> _DATA PROVIDED_
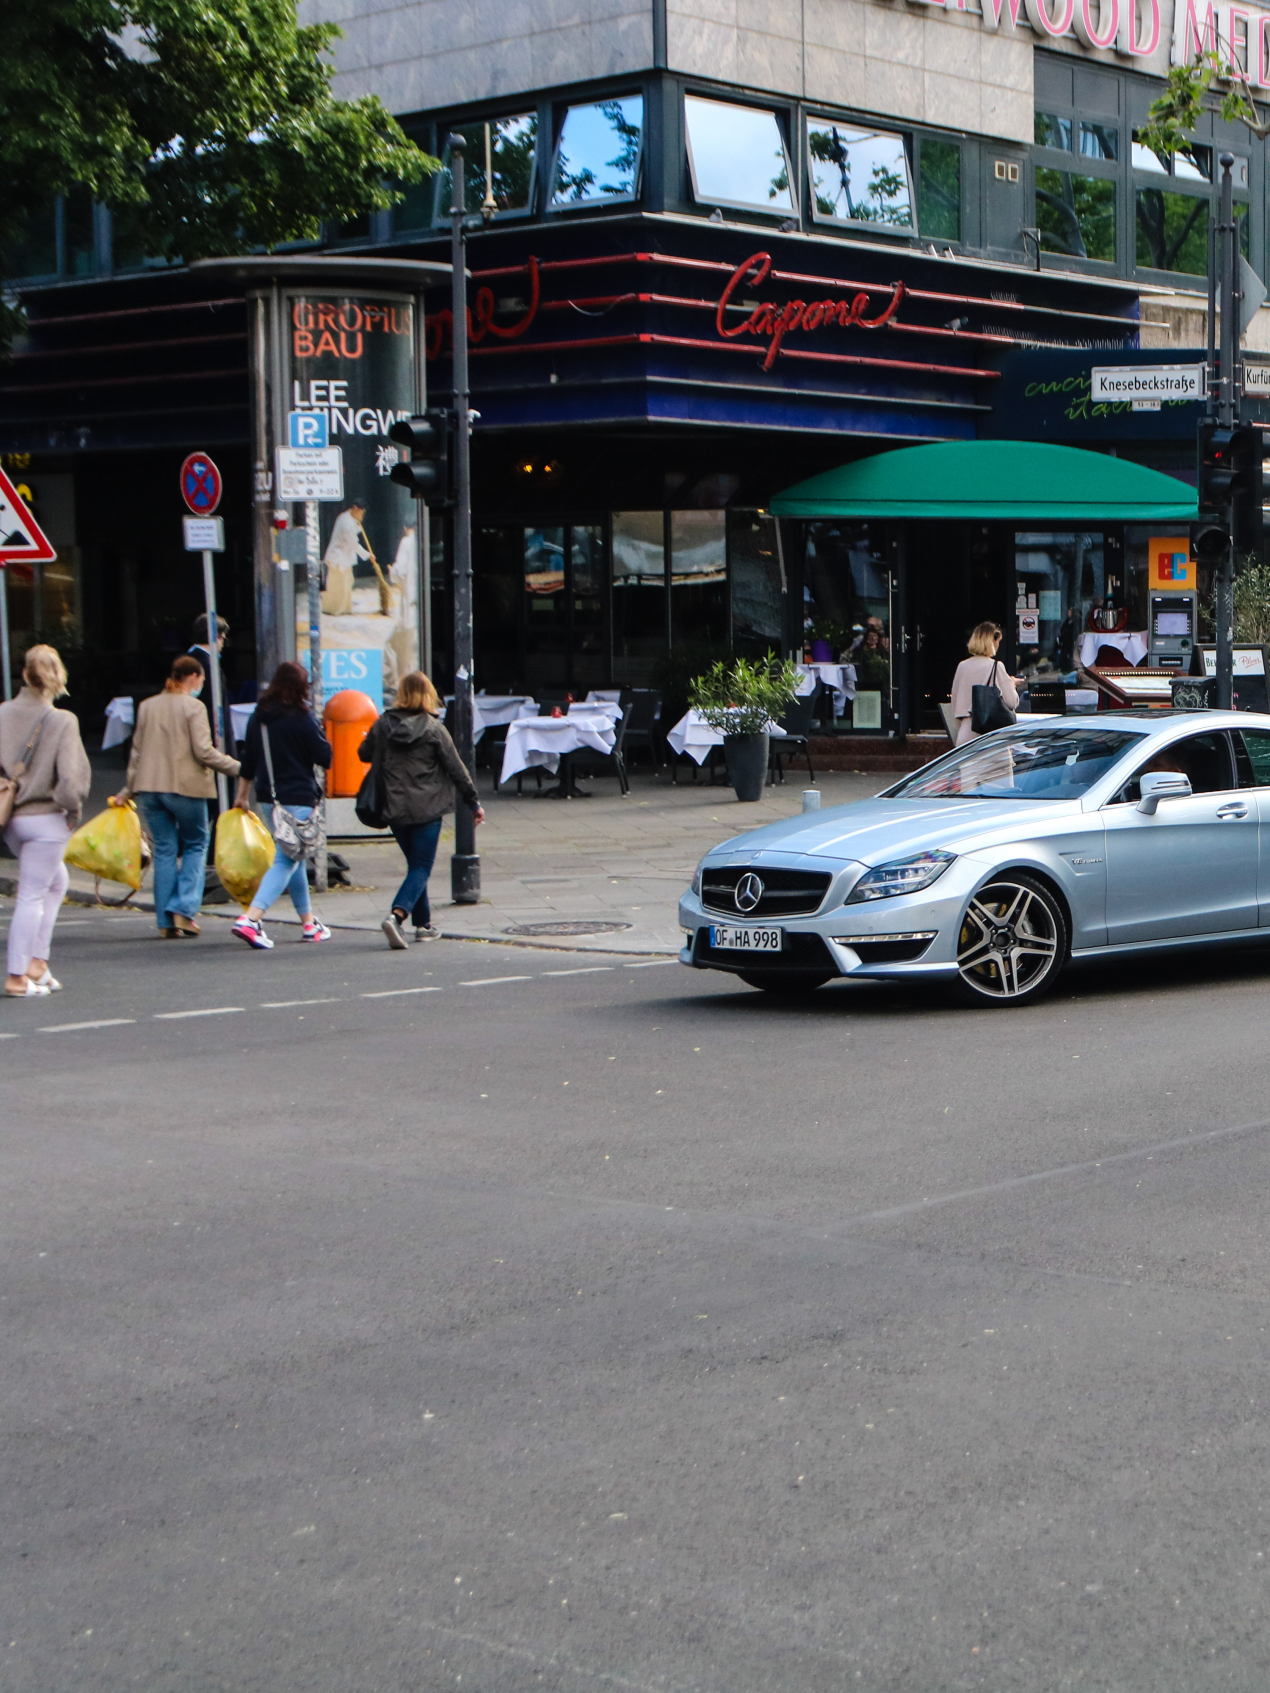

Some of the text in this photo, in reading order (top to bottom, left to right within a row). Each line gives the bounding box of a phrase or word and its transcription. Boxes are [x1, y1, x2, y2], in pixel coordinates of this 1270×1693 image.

[716, 250, 906, 372] Capone
[294, 330, 364, 358] BAU
[294, 380, 349, 407] LEE
[1100, 377, 1196, 393] Knesebeckstraße
[716, 929, 778, 949] OF HA 998
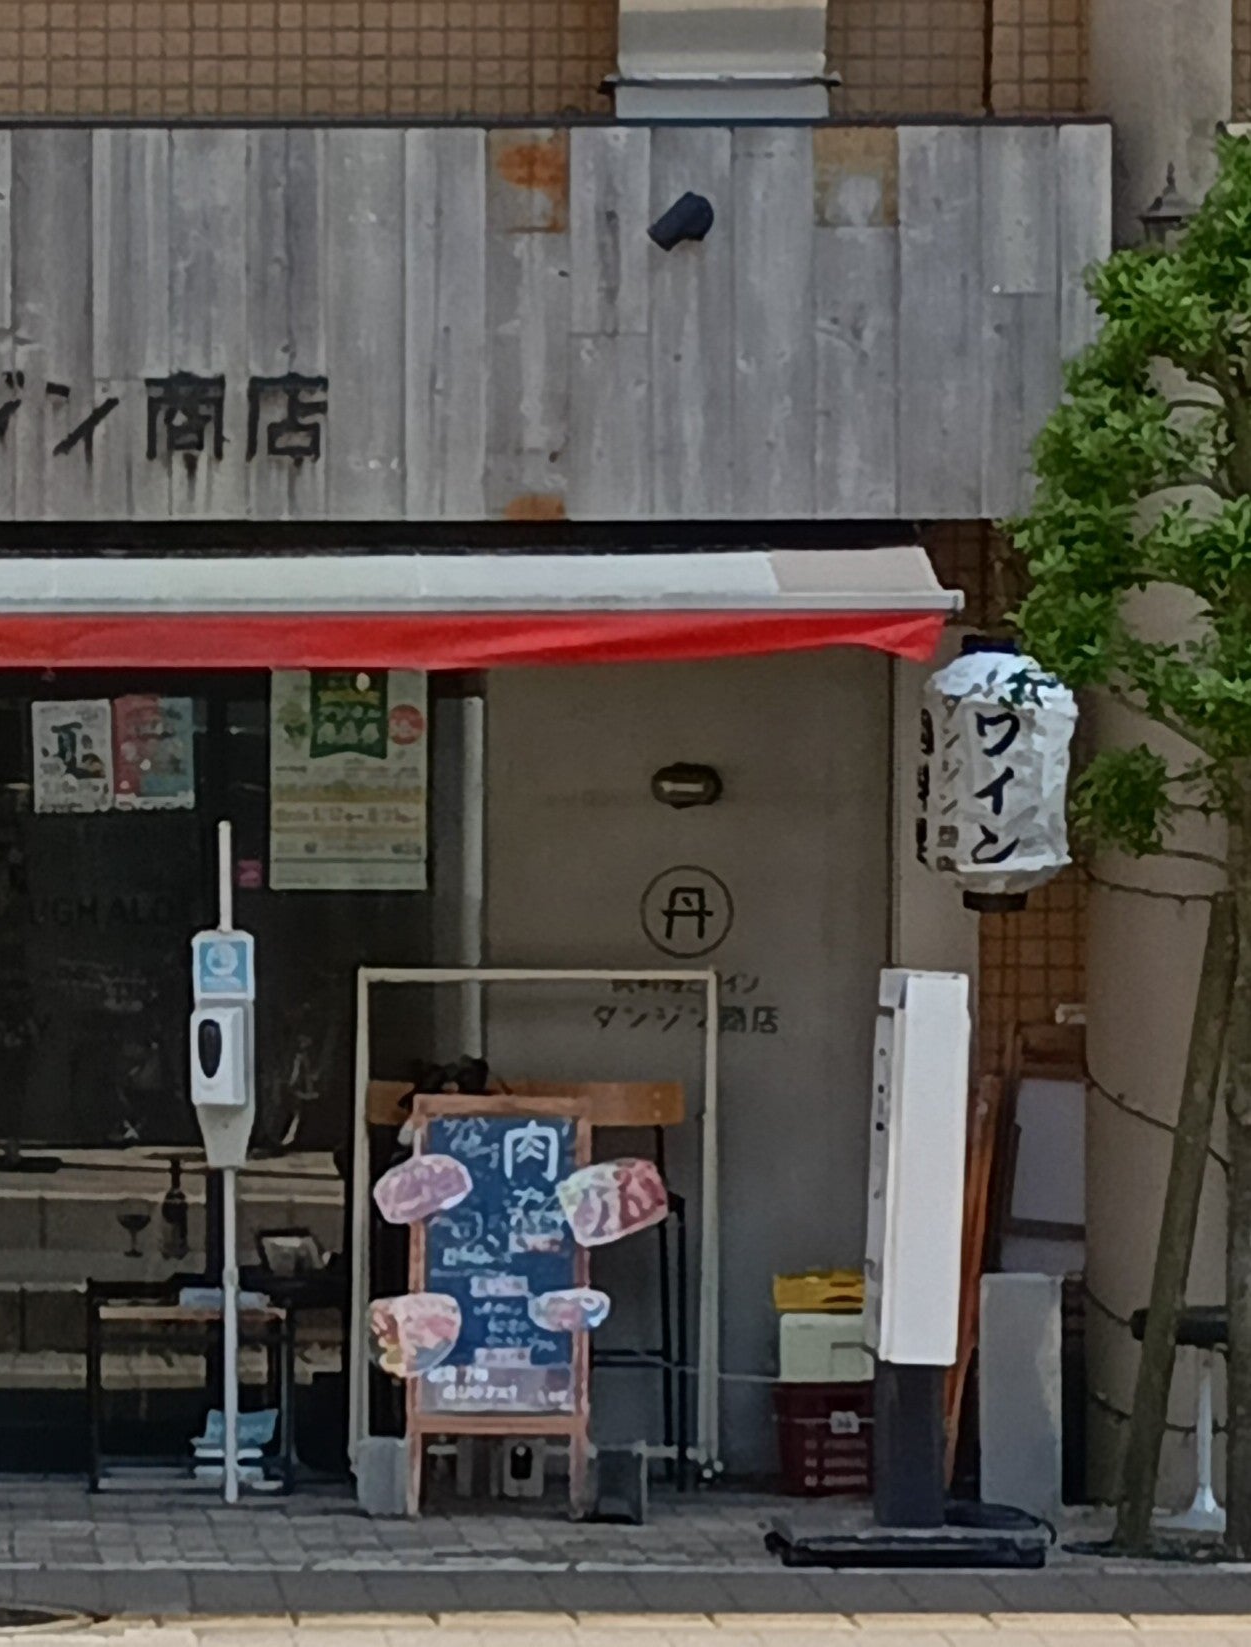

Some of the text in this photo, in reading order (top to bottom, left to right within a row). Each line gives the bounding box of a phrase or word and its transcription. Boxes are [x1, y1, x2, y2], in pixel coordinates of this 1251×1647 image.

[970, 711, 1021, 864] ワイン
[503, 1119, 560, 1182] 肉

> _EXERCISE PROMPT_
Once the pictures are removed, copy the material above exactly.

> _TASK RESULT_
Some of the text in this photo, in reading order (top to bottom, left to right within a row). Each line gives the bounding box of a phrase or word and its transcription. Boxes are [x1, y1, x2, y2], in pixel coordinates of this 1270×1693 image.

[716, 250, 906, 372] Capone
[294, 330, 364, 358] BAU
[294, 380, 349, 407] LEE
[1100, 377, 1196, 393] Knesebeckstraße
[716, 929, 778, 949] OF HA 998

Some of the text in this photo, in reading order (top to bottom, left to right within a row). Each line gives the bounding box of a phrase or word and its transcription. Boxes are [x1, y1, x2, y2], in pixel coordinates of this 1251×1647 image.

[970, 711, 1021, 864] ワイン
[503, 1119, 560, 1182] 肉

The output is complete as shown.